— Я, ребята, столько людей зарезал в своей жизни, что лучше не вспоминать… По ночам просыпаюсь, думаю, боже ты мой, за что такие муки и страдания. Ведь я родился от нормальных интеллигентных родителей. Меня мама любила в детстве, по головке гладила. А я режу… Отец у меня, кадровый офицер, похоронен в Ленинграде, на Пискаревском кладбище, во время блокады погиб… А я у него на могиле ни разу не был. Не могу. На меня кладбище давит. На психику действует. Единственное, что меня расслабляет, — рыбалка. На реке я сил набираюсь, чтобы резать. Говорят, у меня золотые руки — людей кромсать. Ерунда это, просто опыт. Когда двадцать лет этим делом занимаешься — поневоле станешь профессионалом. Вы говорите, найди себе дело по душе, если не нравится людей резать. Не могу — пробовал. Я думаю, что если господь вручил мне хирургический скальпель, то понадеялся на меня… Кому-то надо выполнять эту работу. С годами на душе вроде корочки образуется. Но это такая корочка, что все время сочится. И сейчас сочится. Поэтому я и рассказываю, чтобы душу облегчить.
Раз начал, то расскажу. Откуда я вышел, вы знаете… Так что это первая рыбалка после того… От тюрьмы да от сумы не зарекайся. Вот и я побывал… В камере со мной еще четверо пребывало. И до сих пор баланду хлебает великолепная четверка, как я их назвал. Ребята — кровь с молоком. Один к одному… Из УБР-2[2]. Они в домино в балке играли после смены и пиво пили… В магазине пиво выкинули, так они четыре ящика и взяли… Вот они пили пиво и выходили из балка по одному после пива справить малую нужду… А туалета, как на грех, их контора не построила. Балок состряпали тяп-ляп, а вот туалета не было. Вот ребята выходили по очереди на молодой снежок, за угол… А за углом стоял наряд милиции. Вот их и отвезли в пикет. Обвинили в злостном хулиганстве… Такие времена были — застойные, как сейчас говорят. Разобраться по-человечески, какое тут хулиганство? Постройте туалет, вот и все проблемы… Говорят, что на кассацию подали. Может, освободят. Времена изменились…

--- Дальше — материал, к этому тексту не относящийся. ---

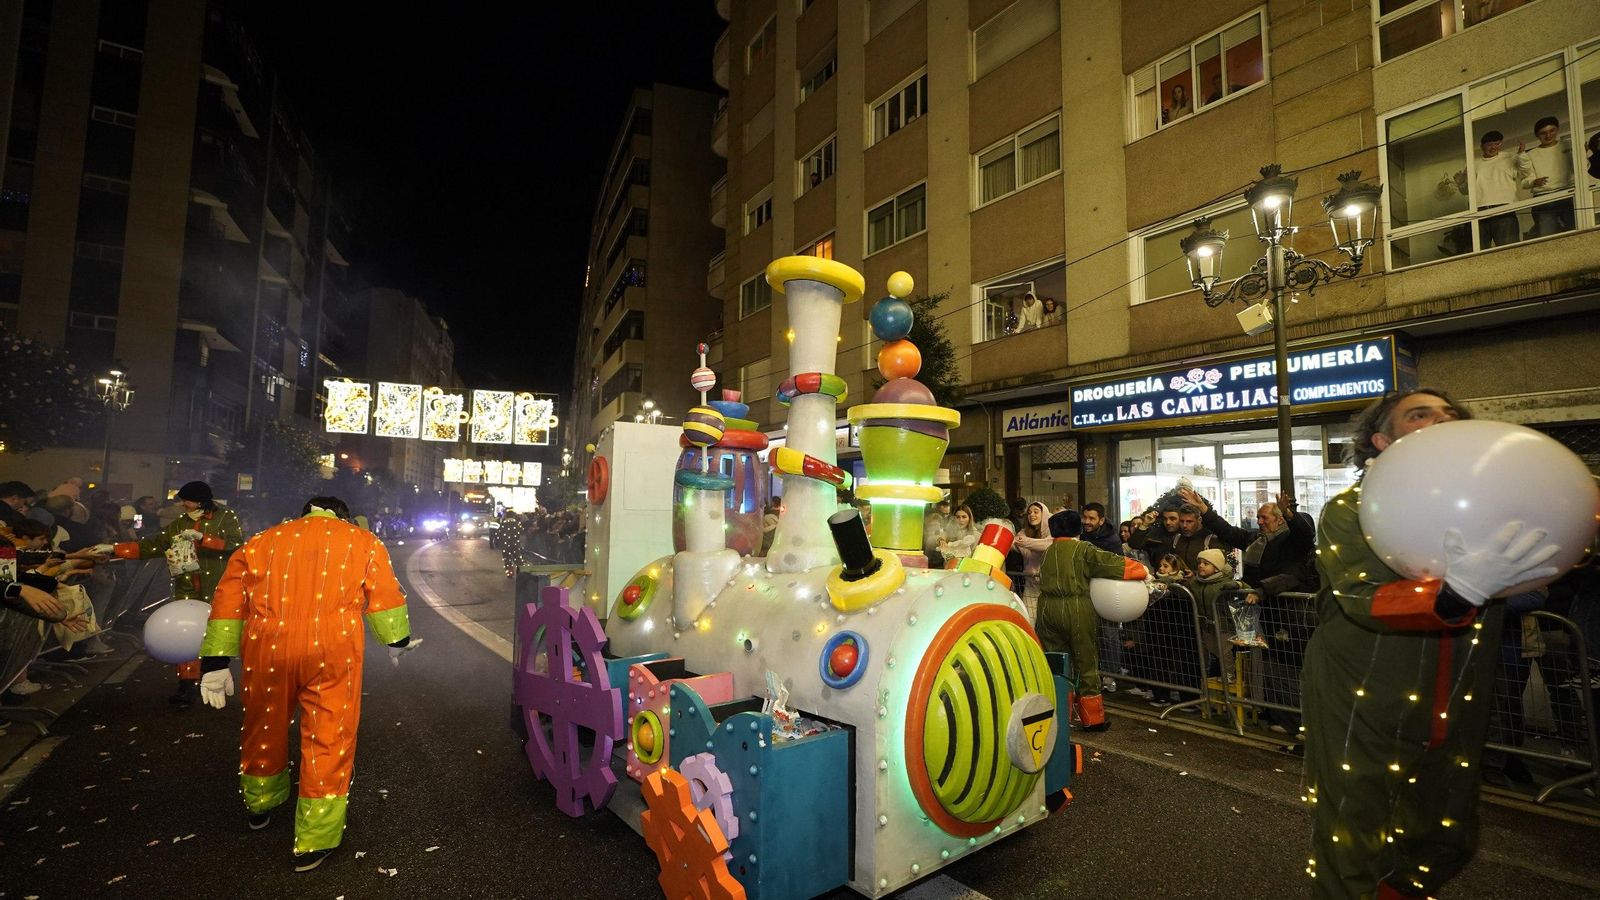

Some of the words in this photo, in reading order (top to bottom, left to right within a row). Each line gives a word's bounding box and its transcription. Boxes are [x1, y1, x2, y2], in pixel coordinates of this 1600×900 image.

Ну, а я к этой компании примкнул по делу. Я не обижаюсь… Я человека зарезал — на операционном столе… Знаете Батыгина? Он на Самотлоре известный мужик. Начинал еще у Повха — тот вообще легенда. Его именем здесь месторождение названо. У него проходка была самая высокая… Газетчики на его буровую автобусами ездили. Радио включишь — Батыгин говорит, опытом делится по скоростной проходке. Телевизор я выключал, как увижу Батыгина. Каждый день ему ордена вручали… Но, вообще-то говоря, мужик был крепкий. Умел работать. И бригаду в руках держал… У него бездельников, пьяниц не было… Да вы знаете… И вот заболел Батыгин. Операция за операцией. Пять метров кишок ему вырезали, не помогло. Нет улучшения… И вот он в нашу больницу попал. Как раз мое дежурство было. Пришел я к нему в палату. Лежит, бедный, а лицо у него, как больничная наволочка… Обследовал я его по своей методике. А потом и разговорились… Вроде об анализах должны говорить, а говорили о рыбалке…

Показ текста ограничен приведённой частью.